Oyster Disease

Juvenile Oyster Disease: A Growing Problem

Determine if oyster size, time of planting, or water temperature is significant in relation to the onset of juvenile oyster disease using data from the University of Maine.

"He was a bold man that first eat an oyster," wrote Jonathan Swift. And indeed with its hard rock-like exterior and gray, slimy insides, it's amazing that anyone opted to eat them. But since the days of the ancient Greeks, oysters have been a delicacy, and they were an important food source for early Americans. Today, Americans consume more than 50,000,000 pounds of oysters each year.

The eastern, or American, oyster (Crassostrea virginica) can be found from the Caribbean Sea to Canada's Gulf of St. Lawrence and flourishes in estuaries like the Chesapeake Bay. It can survive in a wide range of temperatures (28°F to 90°F) and salinities (10 ppt to 30 ppt). It can even tolerate daily exposure to air as the tide recedes, exposing portions of its home, or reef. Considering these hearty life history characteristics, one would expect the oyster to survive most anything, but human impact and natural diseases threaten the oyster's viability.

The oyster's life begins in late spring/early summer when water temperatures approach 70°F. Male and female oysters release sperm and eggs into the water column where fertilization occurs. Hours after an egg is fertilized, it develops into a trocophore larval stage, and a day or two later a veliger which spends the next three weeks swimming and feeding in the water column. After three weeks, the veliger (only 0.01 inches long) settles on a hard substrate, often another oyster, and metamorphoses into a juvenile oyster, or "spat." Now settled, the tiny juvenile oyster spends its days feeding by pulling water over its gills and filtering out particles from the water column.
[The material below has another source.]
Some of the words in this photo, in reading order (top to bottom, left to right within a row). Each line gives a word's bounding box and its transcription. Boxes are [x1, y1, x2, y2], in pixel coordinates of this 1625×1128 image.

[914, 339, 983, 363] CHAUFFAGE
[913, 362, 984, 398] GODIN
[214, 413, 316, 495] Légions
A single adult oyster can filter 50 gallons of water per day, making it nature's own water filter! It grows to maturity in about a year and reaches market size (~3 inches) in one to three years.
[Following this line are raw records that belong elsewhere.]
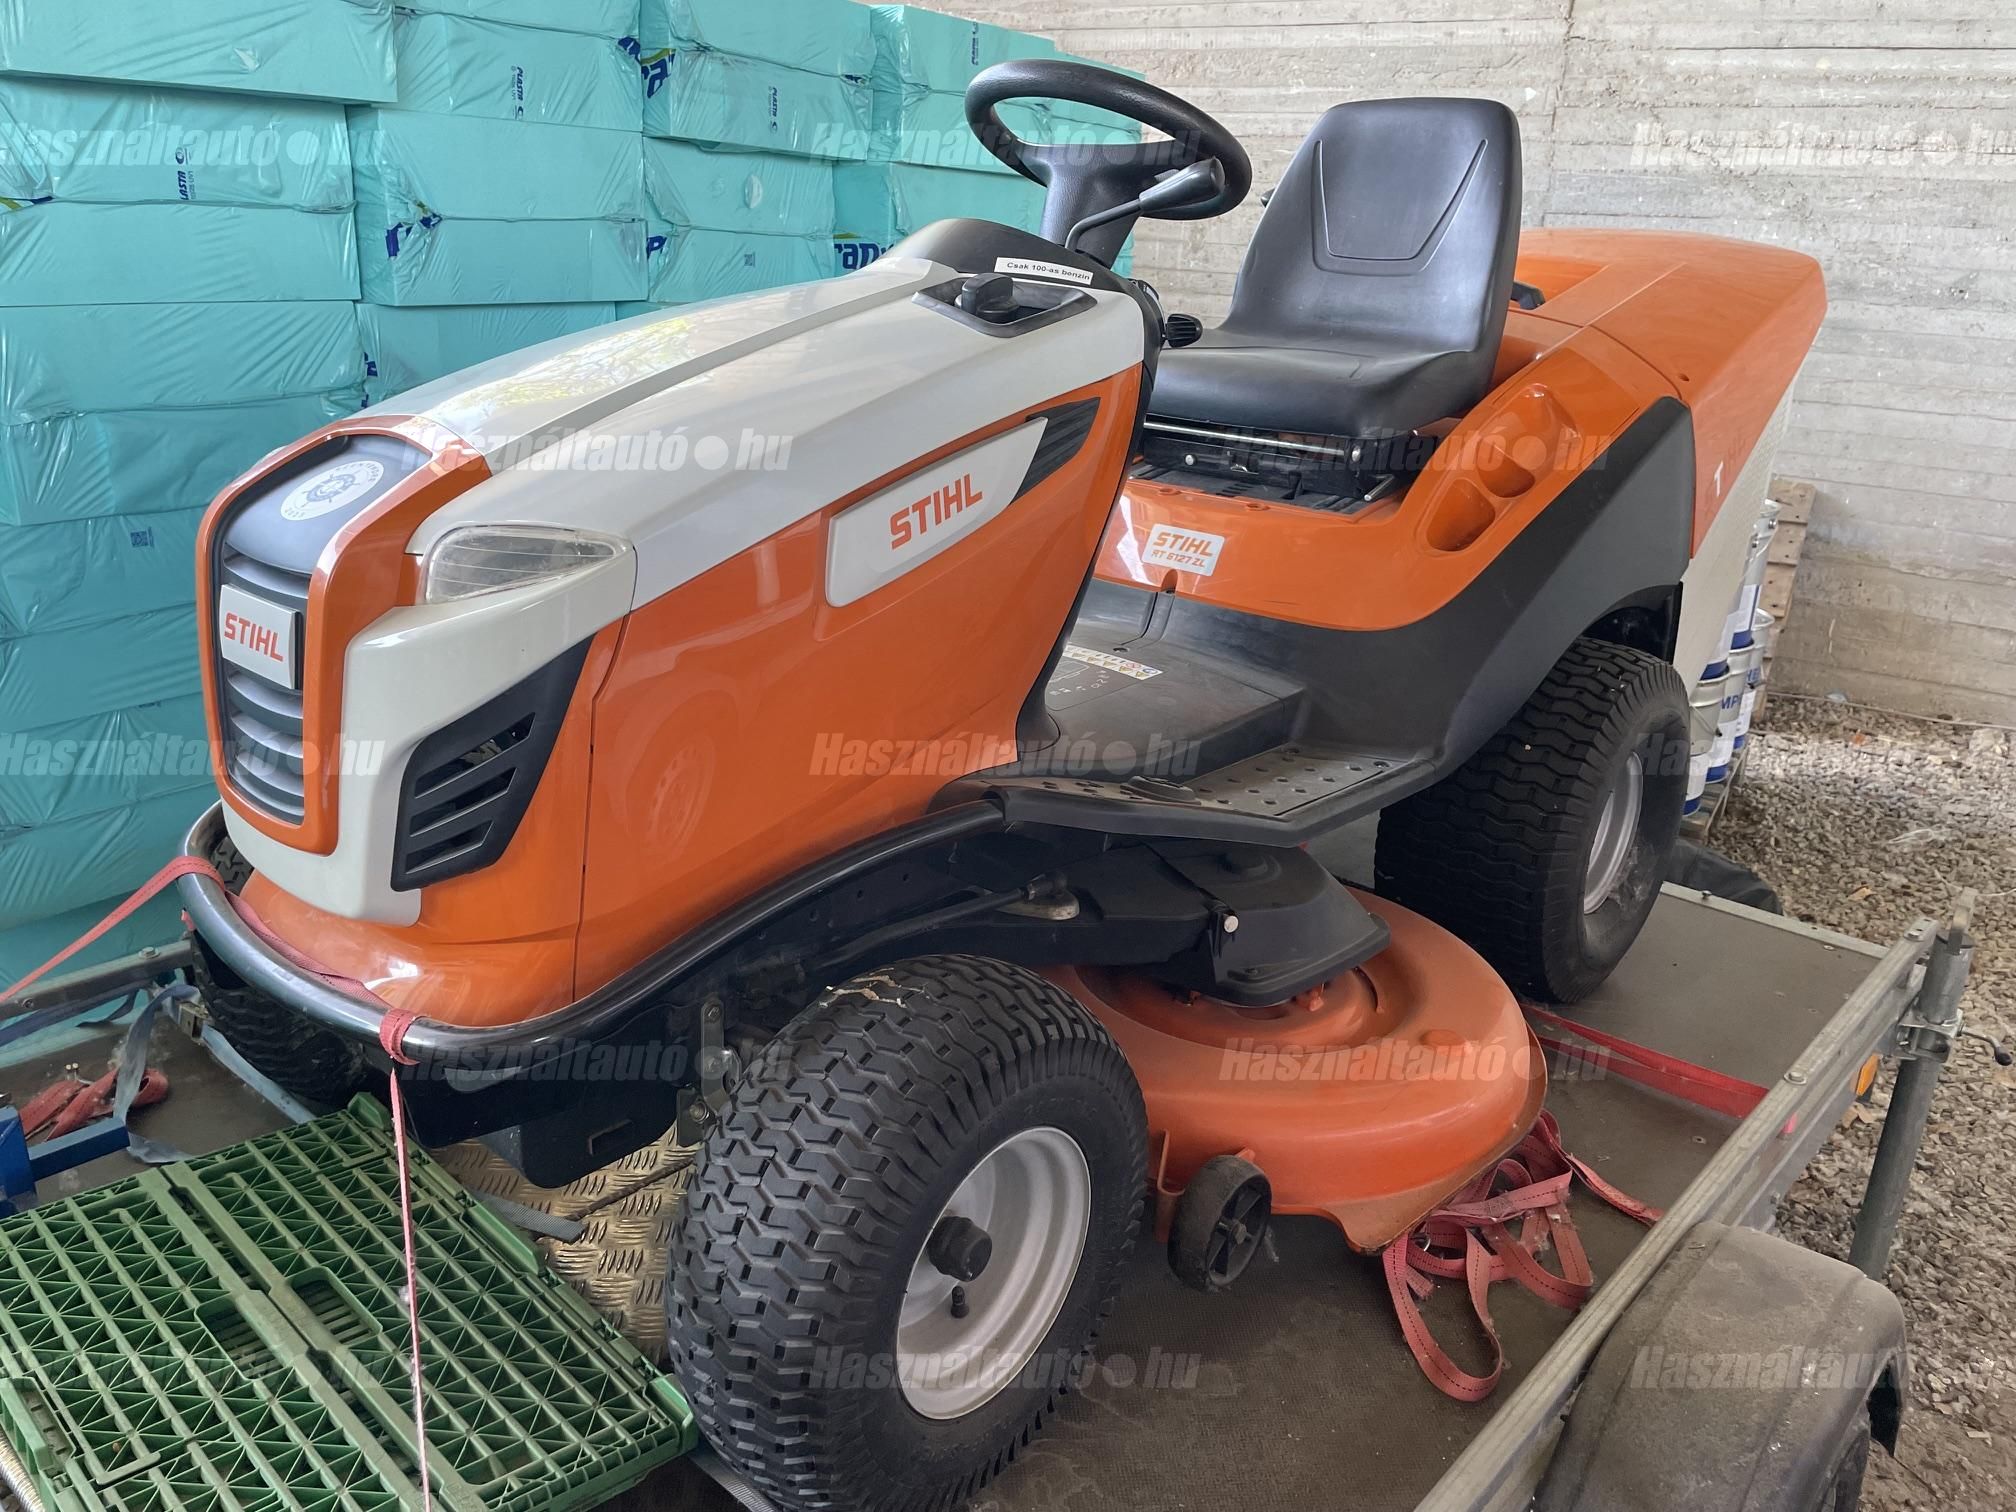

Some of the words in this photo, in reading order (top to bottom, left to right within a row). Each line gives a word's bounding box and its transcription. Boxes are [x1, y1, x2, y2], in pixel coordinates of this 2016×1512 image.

[516, 66, 524, 101] PLASTA
[1006, 262, 1029, 270] Csak
[1032, 265, 1060, 274] 100-as
[1061, 269, 1090, 280] benzin
[889, 473, 983, 550] STIHL
[1151, 549, 1167, 559] RT
[1166, 551, 1192, 564] 6127
[1192, 556, 1205, 567] ZL
[1153, 531, 1213, 557] STIHL
[224, 612, 284, 662] STIHL
The eastern U.S. coastline was once replete with oysters, but as early as the late 1800s over-harvesting caused the oyster populations to suffer significant decline. This decline has been exacerbated by habitat loss due to water quality, sedimentation problems, and oyster diseases.

MSX and dermo are the two best-known diseases impacting oysters. Neither of these diseases can affect humans, but they can be fatal to oysters. MSX first appeared in the late 1950s in the Delaware Bay and now spans much of the east coast. MSX causes poor meat quality and death. Dermo, which surfaced in the 1940s, is associated with warm water temperatures (though it can be found as far north as Maine) and causes poor growth and death. In 1988, a new disease, Juvenile Oyster Disease (JOD), made its appearance in New England in hatchery-produced oysters. JOD is believed to be caused by a bacterium and results in stunted growth, uneven shell lengths, and mortality rates exceeding 90% of juvenile oysters. It is currently restricted to certain areas in the Northeast. Scientists at the University of Maine are conducting a number of studies on JOD to answer questions and find potential solutions to the disease.

Data Activity
In this data activity, students will use research data from the University of Maine to determine if oyster size, time of planting, or water temperature is significant to the onset of juvenile oyster disease.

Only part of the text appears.